All of the data that follows should be retyped exactly as it appears.

::: Exercise data

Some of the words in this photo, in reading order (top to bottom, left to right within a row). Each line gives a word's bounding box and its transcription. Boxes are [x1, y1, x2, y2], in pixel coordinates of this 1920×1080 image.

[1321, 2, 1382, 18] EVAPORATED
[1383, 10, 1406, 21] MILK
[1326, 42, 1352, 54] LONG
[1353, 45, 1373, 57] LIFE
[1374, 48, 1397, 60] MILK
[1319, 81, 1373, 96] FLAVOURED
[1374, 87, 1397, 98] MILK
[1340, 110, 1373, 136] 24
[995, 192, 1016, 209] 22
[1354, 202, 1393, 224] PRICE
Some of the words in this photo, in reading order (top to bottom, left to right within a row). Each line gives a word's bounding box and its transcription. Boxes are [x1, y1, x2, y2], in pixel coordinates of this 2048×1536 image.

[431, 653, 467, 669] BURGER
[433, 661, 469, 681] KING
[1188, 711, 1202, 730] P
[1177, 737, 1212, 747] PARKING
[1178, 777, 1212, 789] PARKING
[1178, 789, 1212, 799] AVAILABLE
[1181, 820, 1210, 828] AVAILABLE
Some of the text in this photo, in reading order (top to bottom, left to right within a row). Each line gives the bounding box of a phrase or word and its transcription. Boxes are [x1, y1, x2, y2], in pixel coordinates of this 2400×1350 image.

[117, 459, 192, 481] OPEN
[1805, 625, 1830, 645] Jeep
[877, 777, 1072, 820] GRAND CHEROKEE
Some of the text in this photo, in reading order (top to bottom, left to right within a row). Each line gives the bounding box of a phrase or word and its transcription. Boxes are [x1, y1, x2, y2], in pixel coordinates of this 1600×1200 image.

::::::

== Output of the exercise ==
Some of the words in this photo, in reading order (top to bottom, left to right within a row). Each line gives a word's bounding box and its transcription. Boxes are [x1, y1, x2, y2], in pixel coordinates of this 1920×1080 image.

[1321, 2, 1382, 18] EVAPORATED
[1383, 10, 1406, 21] MILK
[1326, 42, 1352, 54] LONG
[1353, 45, 1373, 57] LIFE
[1374, 48, 1397, 60] MILK
[1319, 81, 1373, 96] FLAVOURED
[1374, 87, 1397, 98] MILK
[1340, 110, 1373, 136] 24
[995, 192, 1016, 209] 22
[1354, 202, 1393, 224] PRICE
Some of the words in this photo, in reading order (top to bottom, left to right within a row). Each line gives a word's bounding box and its transcription. Boxes are [x1, y1, x2, y2], in pixel coordinates of this 2048×1536 image.

[431, 653, 467, 669] BURGER
[433, 661, 469, 681] KING
[1188, 711, 1202, 730] P
[1177, 737, 1212, 747] PARKING
[1178, 777, 1212, 789] PARKING
[1178, 789, 1212, 799] AVAILABLE
[1181, 820, 1210, 828] AVAILABLE
Some of the text in this photo, in reading order (top to bottom, left to right within a row). Each line gives the bounding box of a phrase or word and its transcription. Boxes are [x1, y1, x2, y2], in pixel coordinates of this 2400×1350 image.

[117, 459, 192, 481] OPEN
[1805, 625, 1830, 645] Jeep
[877, 777, 1072, 820] GRAND CHEROKEE
Some of the text in this photo, in reading order (top to bottom, left to right within a row). Each line gives the bounding box of a phrase or word and its transcription. Boxes are [x1, y1, x2, y2], in pixel coordinates of this 1600×1200 image.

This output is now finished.